IRE1a-remming vertraagt de celcyclusprogressie door de S- en G2/M-fase
Bioinformatica-analyse van differentieel tot expressie komende genen (Th2 vs 4μ8c-behandelde Th2) en XBP1 directe doelgenen onthult verschillende genen die betrokken zijn bij het controleren van de celcyclusprogressie door verschillende stadia (d.w.z., G1, S, G2/M) werden geclusterd in twee groepen up- of downregulated (Fig. 8a). We namen genen differentieel tot expressie in 4μ8c-behandelde Th2 in vergelijking met onbehandelde Th2 (aangepaste p-waarde < 0,05) (Fig. 8a, links, Additional file 9: Tabel S8) en de genen differentieel tot expressie XBP1 directe doelgenen (Fig. 8a, rechts, Additional file 10: Tabel S9), en gecontroleerd op bekende rollen in verschillende celcyclus stadia met behulp van ofwel een handmatig gecureerde lijst op basis van RNA-seq gegevens of gepubliceerde database . We vonden veel genen van alle celcyclus stadia (dat wil zeggen, G1, S, en G2 / M) werden beïnvloed. Om de celcyclus stadia gereguleerd door IRE1a-XBP1 pathway te identificeren, creëerden en gebruikten we een transgene FUCCI (fluorescent ubiquitin cell cycle indicator) muizenstam die mCherry-tagged Cdt1 en mVenus-tagged Geminin eiwit tot expressie brengt. De stam is vergelijkbaar met die gebruikt in . De G1-cellen zijn mCherry + mVenus- (Q3; Fig. 8b), G1-S cellen zijn mCherry + mVenus + (Q2; Fig. 8b), en SG2M zijn mCherry- mVenus + (Q1; Fig. 8b), terwijl cellen in mitose en het invoeren van G1 zijn mCherry- mVenus- (Q4; Fig. 8b). We vergeleken celcyclus profielen van voertuig en 4μ8c behandelde Th2-cellen tijdens T-cel activering. We vonden dat cellen zich ophoopten in de S-en / of G2/M-fase wanneer de IRE1a-XBP1 pathway is geblokkeerd (Fig. 8b). Vergelijkbare resultaten werden verkregen in een andere aanpak met behulp van BrdU incorporatie assay met DAPI kleuring (Additional file 1: figuur S10).

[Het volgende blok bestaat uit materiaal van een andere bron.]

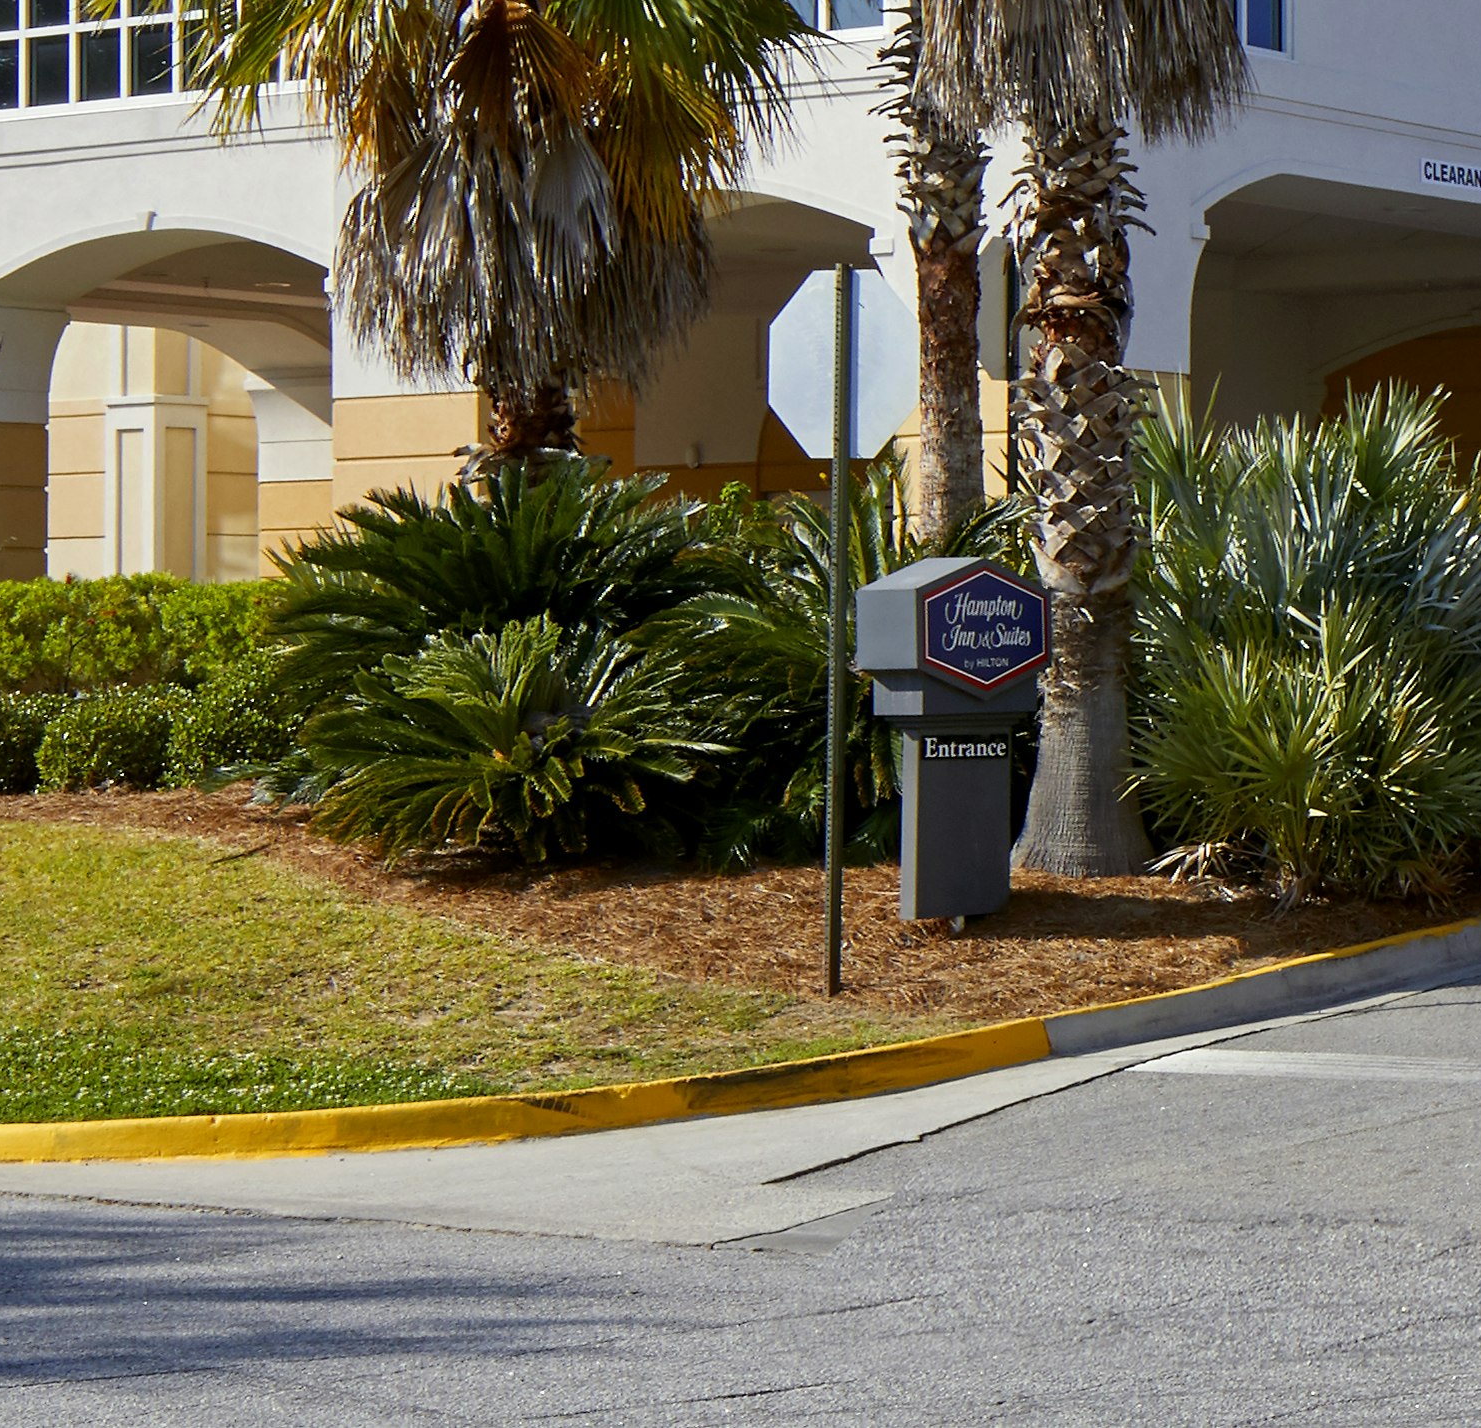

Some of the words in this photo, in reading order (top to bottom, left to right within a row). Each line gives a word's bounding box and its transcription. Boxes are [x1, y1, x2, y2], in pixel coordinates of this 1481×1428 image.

[945, 591, 1023, 624] Hampton
[942, 624, 981, 651] Inn
[982, 630, 992, 649] &
[990, 623, 1031, 647] Suites
[964, 658, 975, 670] by
[976, 658, 1009, 667] HILTON
[924, 737, 1007, 758] Entrance
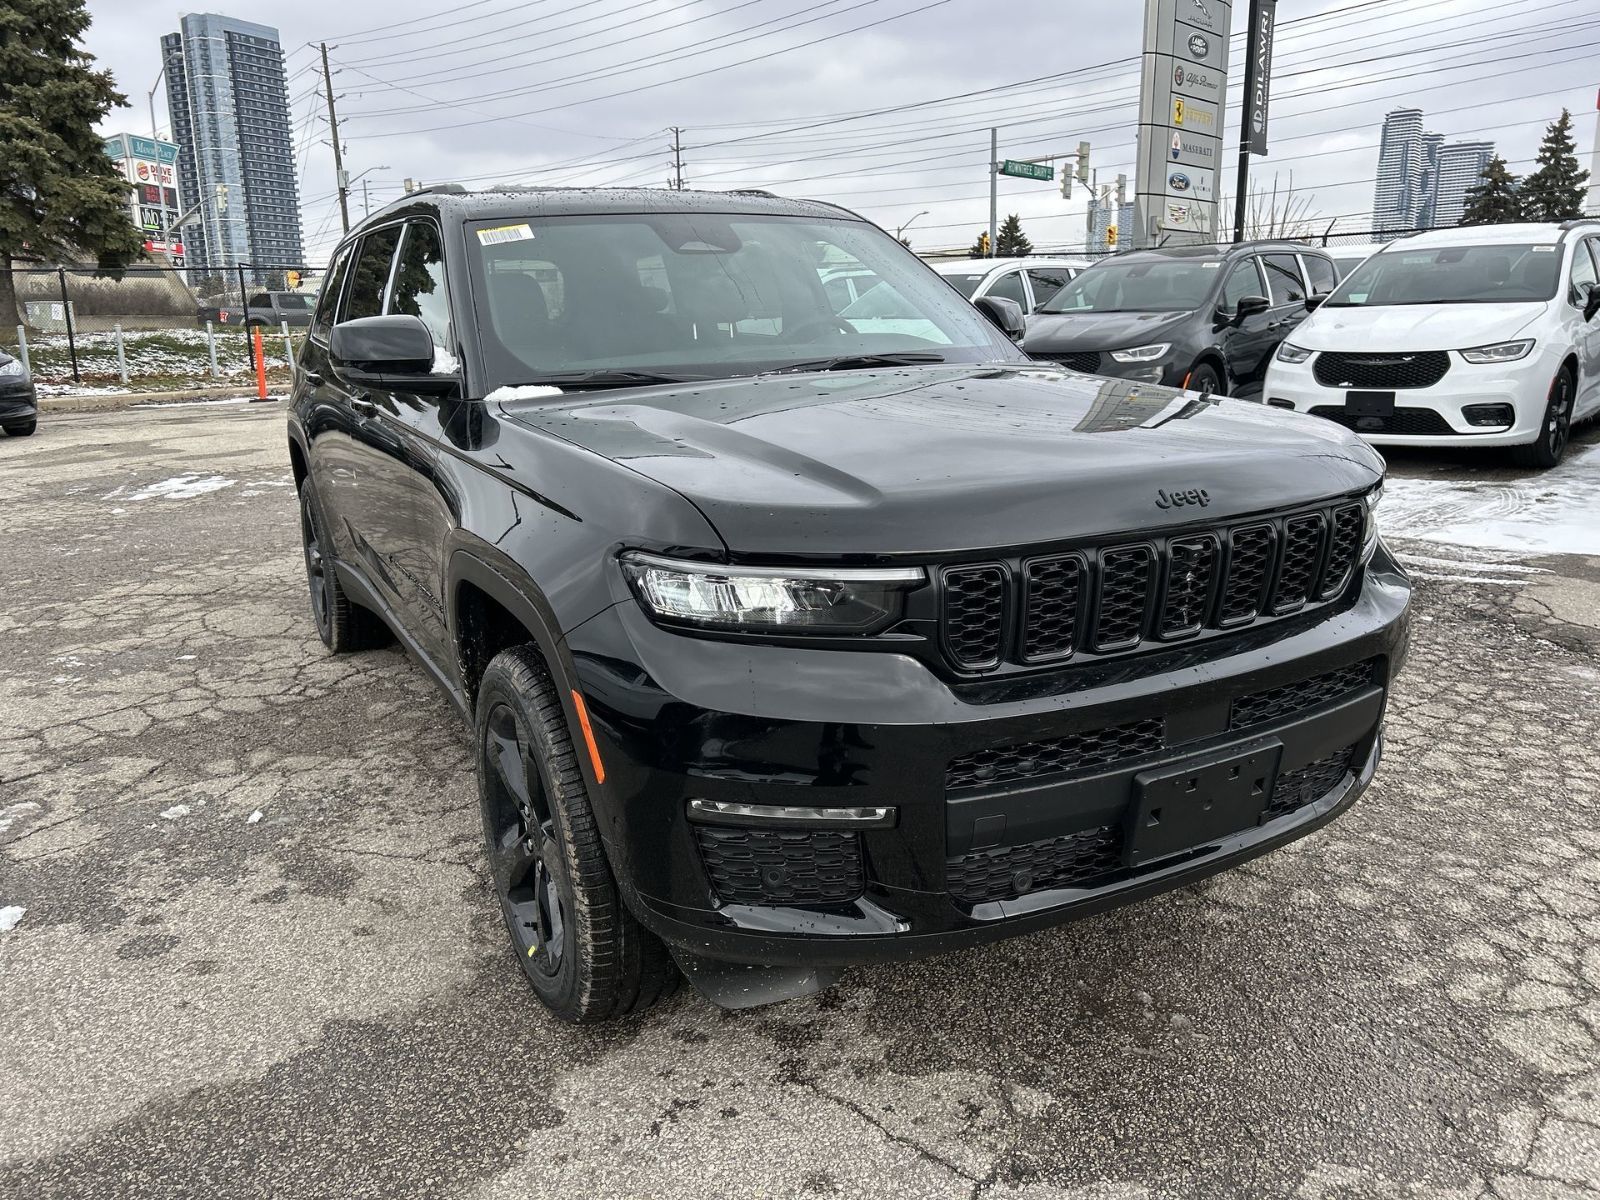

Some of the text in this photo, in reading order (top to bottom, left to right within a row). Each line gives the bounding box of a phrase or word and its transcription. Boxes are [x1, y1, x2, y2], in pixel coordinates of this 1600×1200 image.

[1256, 10, 1269, 106] DILAWRI
[1186, 72, 1200, 88] Alfa
[1182, 143, 1212, 157] MASERATI
[152, 173, 172, 185] TRU
[1155, 488, 1210, 509] Jeep
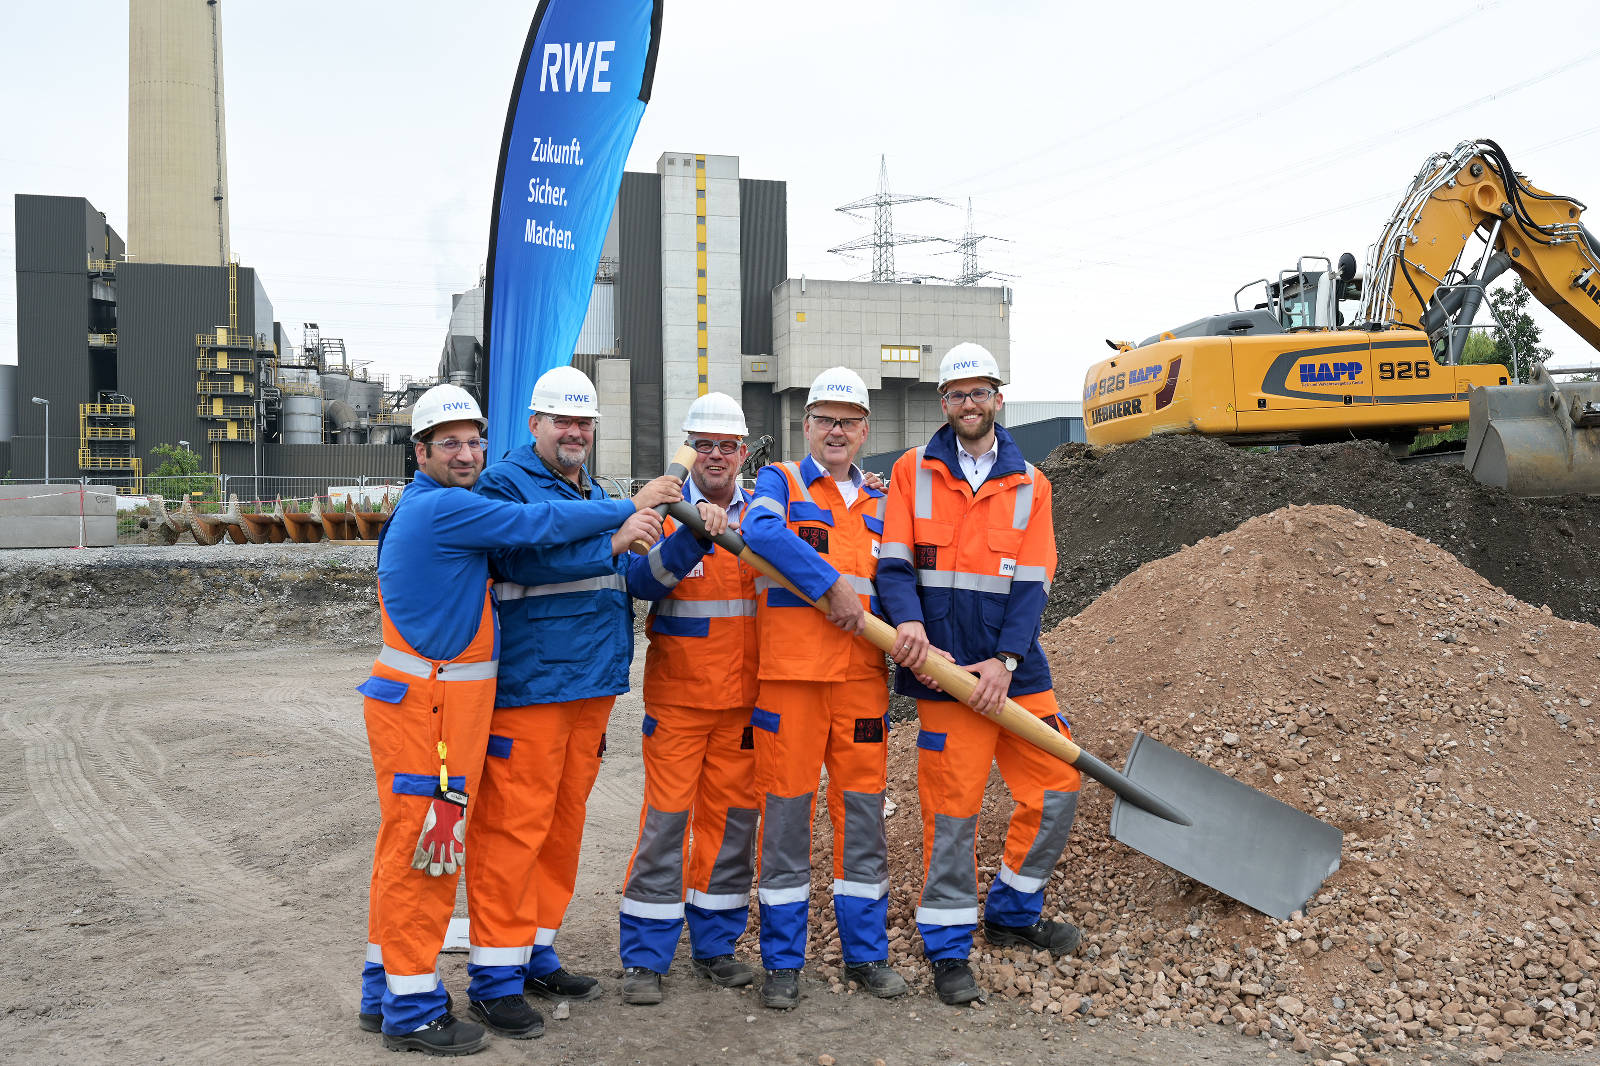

Transgene expressie van XBP1s complementeert de 4μ8c-gemedieerde remming van IRE1a endonuclease activiteit
Om te testen of de waargenomen 4μ8c-behandelde fenotypen te wijten waren aan het verlies van XBP1s, hebben we complementatietests uitgevoerd door transducerend een XBP1s expressievector in de Th2 cellen in vitro. De vector codeerde voor de gesplicte vorm van XBP1 (XBP1s), waarvan de functie onafhankelijk is van de functie van IRE1a. We vonden dat stabiele ectopische expressie van XBP1s het effect van 4μ8c behandeling teniet doet en er is geen significante verandering in het transcriptoom op 4μ8c behandeling wanneer Th2 cellen XBP1s overexpresseren (Additional file 1: figuur S11A). XBP1s overexpresserende Th2-cellen prolifereren en differentiëren normaal in aanwezigheid van 4μ8c (Additional file 1: Figuur S11B en S11C respectievelijk). Deze resultaten suggereren sterk dat de fenotypen waargenomen op 4μ8c behandeling te wijten zijn aan het verlies van XBP1s.